Elsewhere, child mortality statistics bear this out. For every thousand live births in sub-Saharan Africa, ninety-eight boys compared with eighty-six girls die by the age of five. Research Lawn and her colleagues published in the journal Pediatric Research in 2013 confirmed that a boy is 14 per cent more likely to be born prematurely than a girl, and is more likely to suffer disabilities ranging from blindness and deafness to cerebral palsy when he’s at the same stage of prematurity as a girl. In the same journal in 2012 a team from King’s College London reported that male babies born very prematurely are more likely to stay longer in hospital, to die, or to suffer brain and breathing problems.
‘I always thought that it was physically mediated, because boys are slightly bigger, but I think it’s also biological susceptibility to injury,’ says Lawn. One explanation for more boys being born preterm is that mothers expecting boys are, for reasons unknown, more likely to have placental problems and high blood pressure. Research published by scientists from the University of Adelaide in the journal Molecular Human Reproduction in 2014 showed that newborn girls may be healthier on average because a mother’s placenta behaves differently depending on the sex of the baby. With female foetuses, the placenta does more to maintain the pregnancy and increase immunity against infections. Why this is, nobody understands. It could be because, before birth, the normal human sex ratio is slightly skewed towards boys. The difference after birth might simply be nature’s way of correcting the balance.

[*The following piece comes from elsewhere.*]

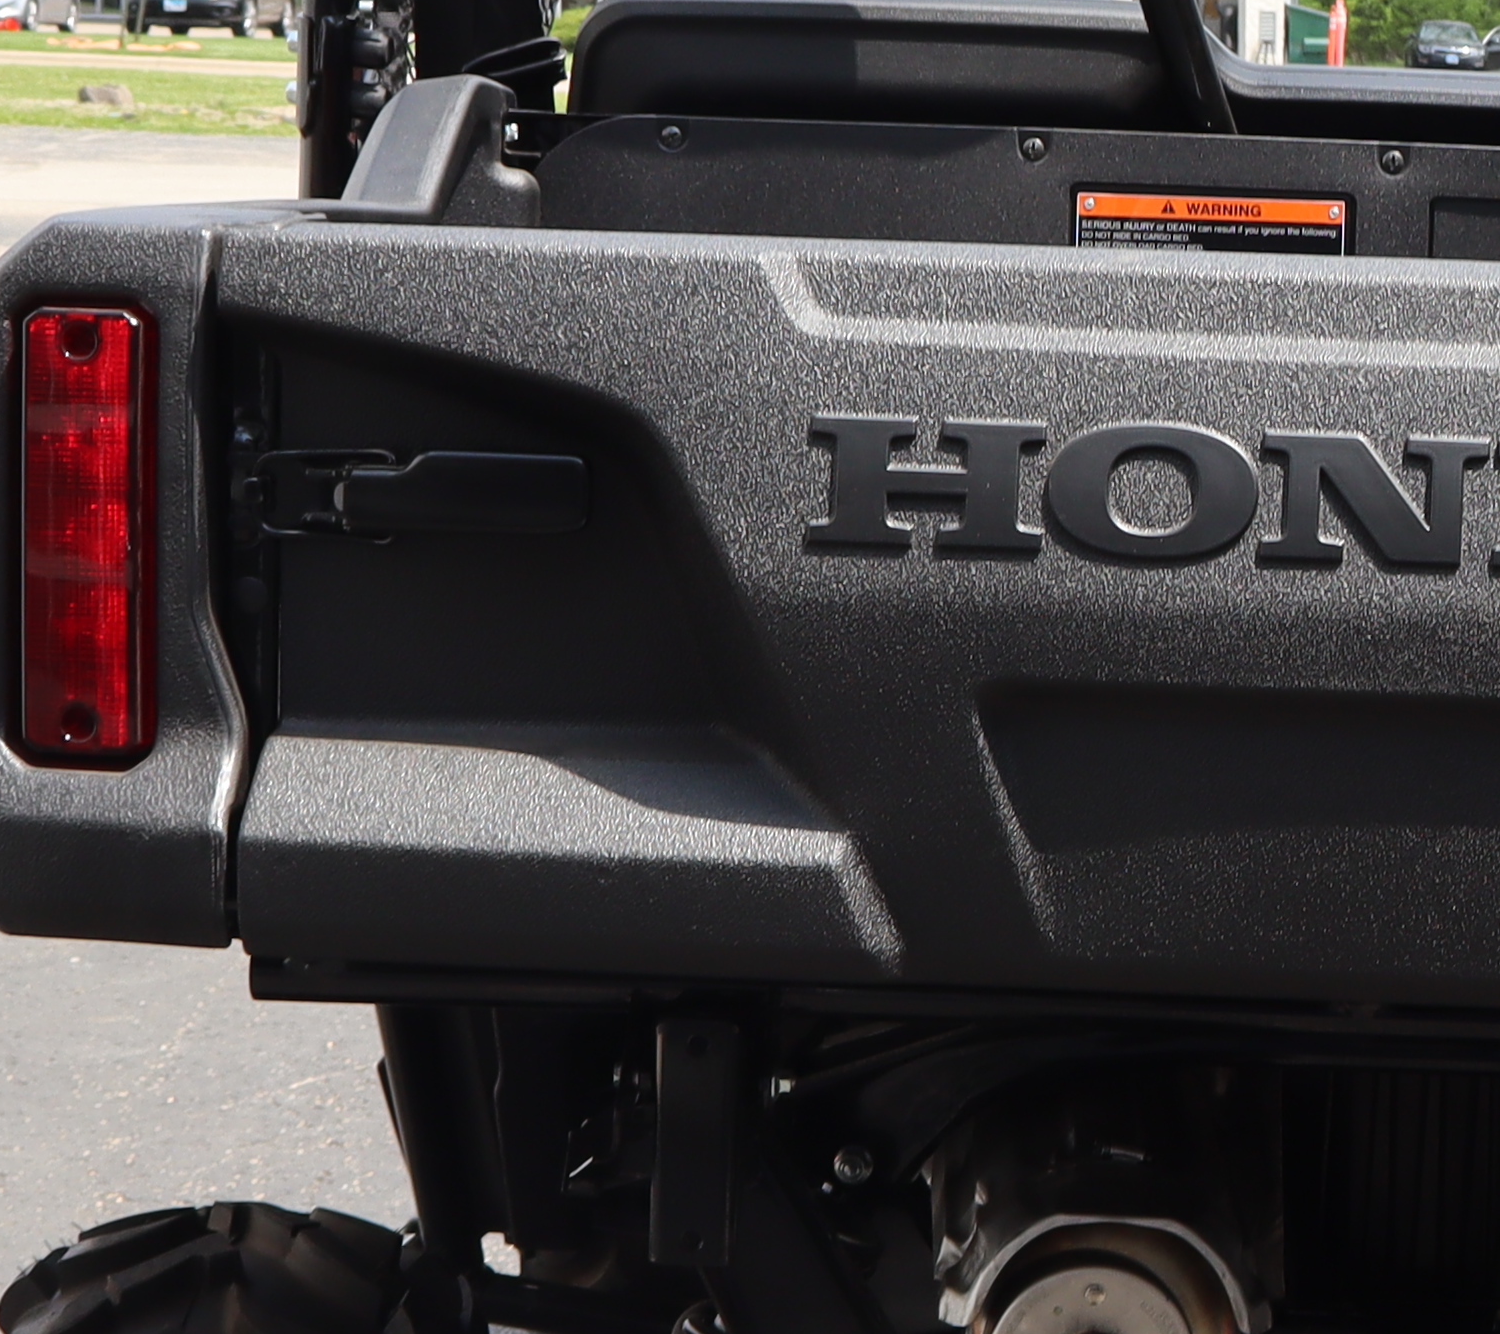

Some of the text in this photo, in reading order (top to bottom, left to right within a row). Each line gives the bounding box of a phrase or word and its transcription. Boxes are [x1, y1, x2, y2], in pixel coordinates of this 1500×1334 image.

But the reasons could also be more complicated. After all, a baby girl’s natural survival edge stays with her throughout her entire life. Girls aren’t just born survivors, they grow up to be better survivors too.

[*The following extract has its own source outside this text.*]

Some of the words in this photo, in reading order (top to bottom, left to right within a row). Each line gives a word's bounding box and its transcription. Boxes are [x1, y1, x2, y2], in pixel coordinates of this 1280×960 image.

‘Pretty much at every age, women seem to survive better than men,’ confirms Steven Austad, chair of the biology department at the University of Alabama at Birmingham, who is an international expert on ageing. He describes women as being more ‘robust’. It’s a phenomenon so clear and undeniable that some scientists believe understanding it may hold the key to human longevity.
At the turn of the millennium, Austad began to investigate exactly what it is that helps women outlive men at all stages of life. ‘I wondered if this is a recent phenomenon. Is this something that’s only true in industrialised countries in the twentieth century and twenty-first century?’ Digging through the Human Mortality Database, a collection of longevity records from around the world founded by German and American researchers in 2000, he was surprised to discover that the phenomenon really does transcend time and place.
The database now covers thirty-eight countries and regions. Austad’s favourite example is Sweden, which has kept some of the most thorough and reliable demographic data of any country. In 1800 life expectancy at birth in Sweden stood at thirty-three years for women and thirty-one for men. In 2015 it was around eighty-three for women and around seventy-nine for men. ‘Women are more robust than men. I think there’s little doubt about that,’ Austad says. ‘It was true in the eighteenth century in Sweden, and it’s true in the twenty-first century in Bangladesh, and in Europe, and in the US.’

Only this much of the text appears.